## TASK PROMPT:
The reply is a verbatim copy of the listing below with its images dropped.

==================================================

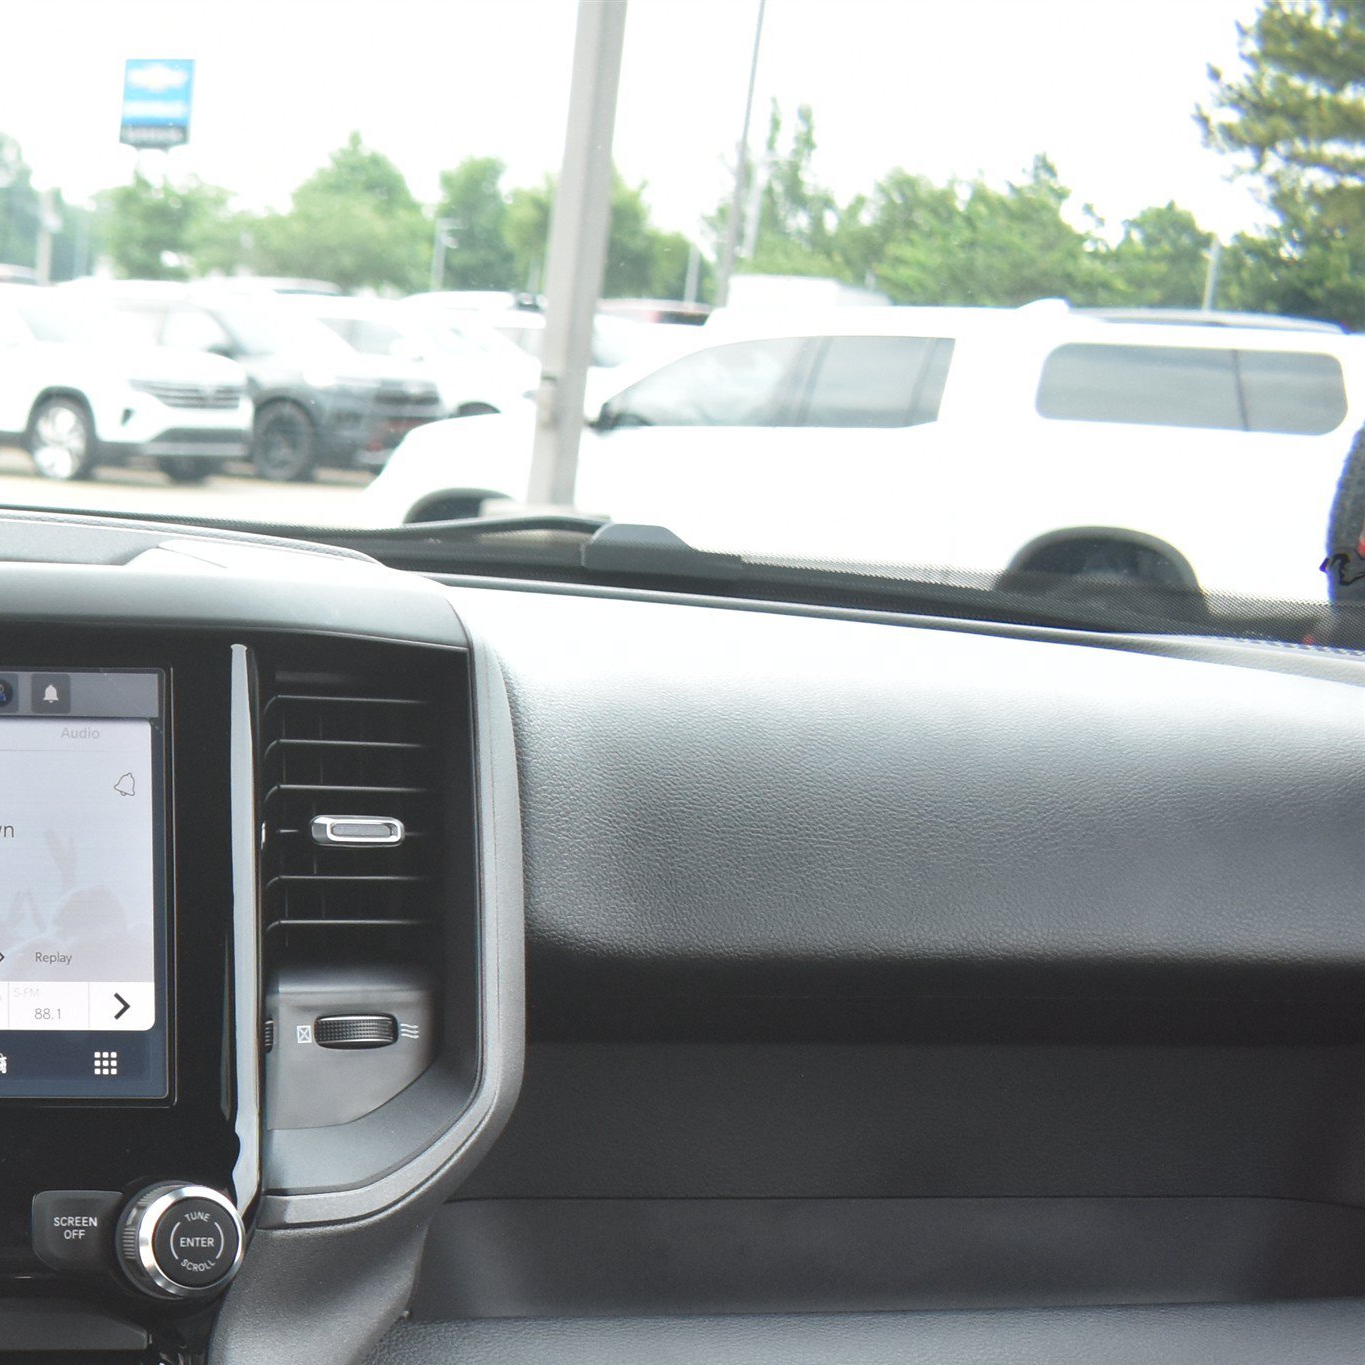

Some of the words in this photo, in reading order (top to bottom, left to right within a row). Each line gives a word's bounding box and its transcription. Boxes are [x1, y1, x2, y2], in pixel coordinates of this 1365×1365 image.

[60, 727, 100, 740] Audio
[34, 951, 73, 966] Replay
[34, 1008, 62, 1020] 88.1
[53, 1216, 98, 1228] SCREEN
[184, 1211, 211, 1224] TUNE
[63, 1229, 86, 1240] OFF
[179, 1236, 215, 1248] ENTER
[180, 1258, 216, 1273] SCROLL

==================================================

## OUTPUT FOR THIS EXERCISE:
Some of the words in this photo, in reading order (top to bottom, left to right within a row). Each line gives a word's bounding box and its transcription. Boxes are [x1, y1, x2, y2], in pixel coordinates of this 1365×1365 image.

[60, 727, 100, 740] Audio
[34, 951, 73, 966] Replay
[34, 1008, 62, 1020] 88.1
[53, 1216, 98, 1228] SCREEN
[184, 1211, 211, 1224] TUNE
[63, 1229, 86, 1240] OFF
[179, 1236, 215, 1248] ENTER
[180, 1258, 216, 1273] SCROLL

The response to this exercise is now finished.